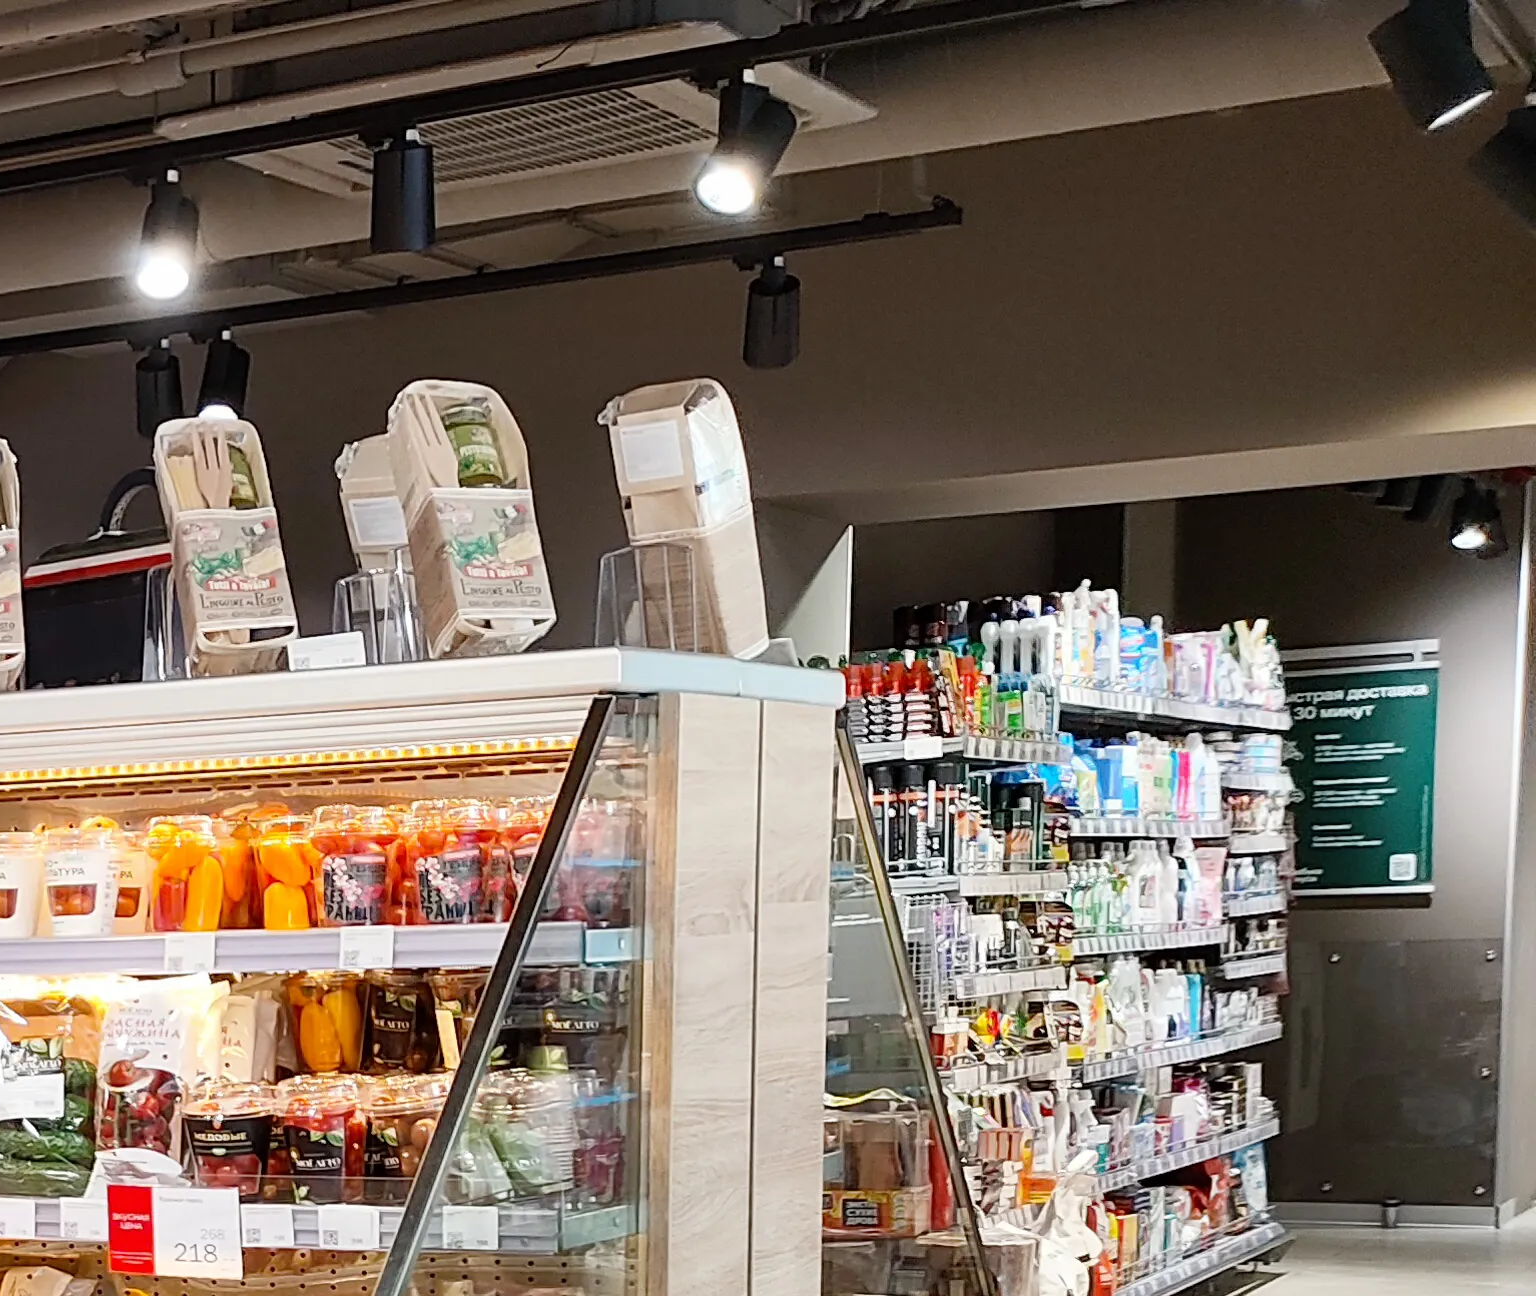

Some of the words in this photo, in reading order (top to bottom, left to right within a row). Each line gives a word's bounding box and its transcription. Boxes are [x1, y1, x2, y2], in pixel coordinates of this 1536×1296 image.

[1345, 683, 1430, 702] доставка
[1293, 706, 1318, 720] 30
[1319, 704, 1377, 720] минут
[112, 1211, 150, 1222] ВКУСНАЯ
[199, 1227, 226, 1240] 268
[173, 1241, 219, 1263] 218

### WORK INSTRUCTIONS
When you copy the entries, keep every word exactly as it stands and drop any pictures.

### TASK SOLUTION
Some of the words in this photo, in reading order (top to bottom, left to right within a row). Each line gives a word's bounding box and its transcription. Boxes are [x1, y1, x2, y2], in pixel coordinates of this 1536×1296 image.

[1345, 683, 1430, 702] доставка
[1293, 706, 1318, 720] 30
[1319, 704, 1377, 720] минут
[112, 1211, 150, 1222] ВКУСНАЯ
[199, 1227, 226, 1240] 268
[173, 1241, 219, 1263] 218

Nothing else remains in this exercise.